Sobre
meu poema de ontem...
A
pobreza é um constante estado de alerta, que teórico nenhum jamais
irá compreender... Eles se acham confirmados e garantidos e não
estão. Esta semana circulou um vídeo em que uma famosa pensadora da
esquerda brasileira, militante do PT, Marilena Chauí fala em uma
palestra, em que o ex presidente Lula está que "Odeia a classe
média", expõe os motivos para seu ódio, desqualificando os
integrantes da classe média a quem chama de ignorantes, arrogantes,
"atraso de vida", estúpidos, terroristas... Esse é o modo
como alguns teóricos olham para metade da população brasileira.

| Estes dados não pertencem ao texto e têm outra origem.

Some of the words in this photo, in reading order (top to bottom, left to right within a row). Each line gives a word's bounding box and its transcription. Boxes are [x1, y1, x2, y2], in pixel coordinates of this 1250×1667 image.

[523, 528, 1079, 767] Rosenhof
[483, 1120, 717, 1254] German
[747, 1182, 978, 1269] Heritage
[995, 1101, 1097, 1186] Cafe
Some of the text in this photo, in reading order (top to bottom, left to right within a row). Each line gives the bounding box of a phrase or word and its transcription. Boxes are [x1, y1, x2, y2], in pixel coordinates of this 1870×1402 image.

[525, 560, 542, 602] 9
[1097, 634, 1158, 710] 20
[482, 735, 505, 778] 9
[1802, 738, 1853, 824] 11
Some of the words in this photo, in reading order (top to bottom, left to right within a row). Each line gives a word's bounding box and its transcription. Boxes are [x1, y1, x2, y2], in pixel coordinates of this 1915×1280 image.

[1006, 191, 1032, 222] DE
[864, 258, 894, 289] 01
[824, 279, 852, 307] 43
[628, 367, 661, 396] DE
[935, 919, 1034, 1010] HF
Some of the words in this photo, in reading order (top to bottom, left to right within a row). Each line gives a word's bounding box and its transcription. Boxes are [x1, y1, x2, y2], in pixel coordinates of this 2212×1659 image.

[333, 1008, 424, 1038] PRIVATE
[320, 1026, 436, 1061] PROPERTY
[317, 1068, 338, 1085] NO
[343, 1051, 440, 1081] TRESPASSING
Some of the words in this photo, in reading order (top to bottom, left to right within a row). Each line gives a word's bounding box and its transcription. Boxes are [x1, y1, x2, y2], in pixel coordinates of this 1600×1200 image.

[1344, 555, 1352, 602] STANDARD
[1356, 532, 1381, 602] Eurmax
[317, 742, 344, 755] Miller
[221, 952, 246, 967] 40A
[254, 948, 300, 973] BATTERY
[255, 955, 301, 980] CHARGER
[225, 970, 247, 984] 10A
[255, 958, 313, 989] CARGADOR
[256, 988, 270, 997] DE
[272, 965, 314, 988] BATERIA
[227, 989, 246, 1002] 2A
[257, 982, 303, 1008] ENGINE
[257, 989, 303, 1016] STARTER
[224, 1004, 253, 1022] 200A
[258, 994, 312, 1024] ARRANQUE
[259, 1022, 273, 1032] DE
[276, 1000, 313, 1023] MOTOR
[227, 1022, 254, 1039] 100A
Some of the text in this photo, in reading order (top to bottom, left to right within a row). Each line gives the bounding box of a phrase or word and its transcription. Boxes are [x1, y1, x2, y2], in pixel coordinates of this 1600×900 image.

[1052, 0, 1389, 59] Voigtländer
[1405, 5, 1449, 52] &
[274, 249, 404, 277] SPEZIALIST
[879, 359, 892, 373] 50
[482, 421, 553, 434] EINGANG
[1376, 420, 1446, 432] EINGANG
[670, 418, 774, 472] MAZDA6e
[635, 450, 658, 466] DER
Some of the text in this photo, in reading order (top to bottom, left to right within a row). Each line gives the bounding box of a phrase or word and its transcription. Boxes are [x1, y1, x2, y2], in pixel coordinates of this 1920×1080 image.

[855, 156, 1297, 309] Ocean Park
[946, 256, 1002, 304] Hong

Não querem ser chamados de "classe média", porque
passaram a vida toda fomentando o ódio entre as classes e são as
pessoas que hoje definem a educação brasileira. Hoje é dia do
professor e sinto muito não há nada a celebrar: a educação vai
mal. Principalmente por que na base está este discurso ultrapassado,
a "classe média" comeu muita poeira para chegar até
aqui. Podemos ser ignorantes em "marxismo' mas conhecemos a
pobreza sim, ela fica sob nosso pés, basta não pagar o cartão de
crédito ou o empréstimo no banco. Basta não ter como pagar o FGTS,
a contribuição sindical, a folha de pagamento e heis que se
apresenta: a falência. Basta não ter como pagar o seguro e alguém
roubar o que você tem, novamente a pobreza aparece. Basta errar nas
estimativas e o buraco está ali te olhando. Inflação é um
dragão e eu o conheço sim, recessão traz sim a pobreza colada em
si. Ninguém está confirmado e garantido. Nem os funcionários
públicos que acham que seu dinheiro vai eternamente pingar, se não
tiver “fluxo de caixa” não vai, uma hora a fonte seca. O PT
está empurrando a crise e ela está crescendo, está distribuindo um
dinheiro que não tem. Quer criar um banco e não tem aporte de
capital, ou seja vai criar uma imensa dívida. E quem não pensa
como a senhora Marilena Chauí e sua escola é ignorante, estúpido,
burro... Sou sim conservadora, reacionária, de direita, mas posso
pensar assim, posso achar que a esquerda está colocando o Brasil no
caminho errado. Um pouco da falta de educação, da violência é
causada por esse pensamento que desqualifica a classe média e
justifica que o “sem” pode “meter porrada” porque o outro
nasceu com privilégios. Privilégios? Meu avô acordava todos os
dias as quatro da manhã para fazer pão, conseguiu dar estudo a
todos os filhos, que são hoje classe média e não foi de graça que
chegaram onde estão. Meu outro avô foi caixeiro viajante até
receber uma pequena propriedade, também educou os filhos e não foi
com “privilégios”, nossa geração colheu alguns frutos destes
longos anos de trabalho, nossos pais trabalharam muito para que o
Brasil seja hoje o que é. Nós comemos muita poeira, não foi fácil
nos tornarmos quem somos. E mesmo que tivesse sido não seria motivo
para o incentivo ao ódio entre classes, que leva a guerra. A
violência urbana desenfreada na minha opinião tem base neste
discurso que justifica que quem vem de “situações de
vulnerabilidade social” tem o direito de matar, pois "coitadinho" apanhou quando era pequeno, foi criado assim e nada pode ser feito
por ele, é fruto da desigualdade social; e o mesmo discurso entrega
essa população, a maioria menores de idade, a um poder paralelo
violento, essas pessoas serão mortas por policiais corruptos ou por
traficantes. Essa ideologia olha para o cidadão com raiva e desdenho
e usou o país para encher os bolsos. Não gosto disso e sou sim
classe média, nunca fui pobre de maré, Graças a Deus! E não quero
ser, nem quero que endividem o país em que vivo. Gostem ou não do
que somos, pensamos ou escrevemos vocês devem nos respeitar.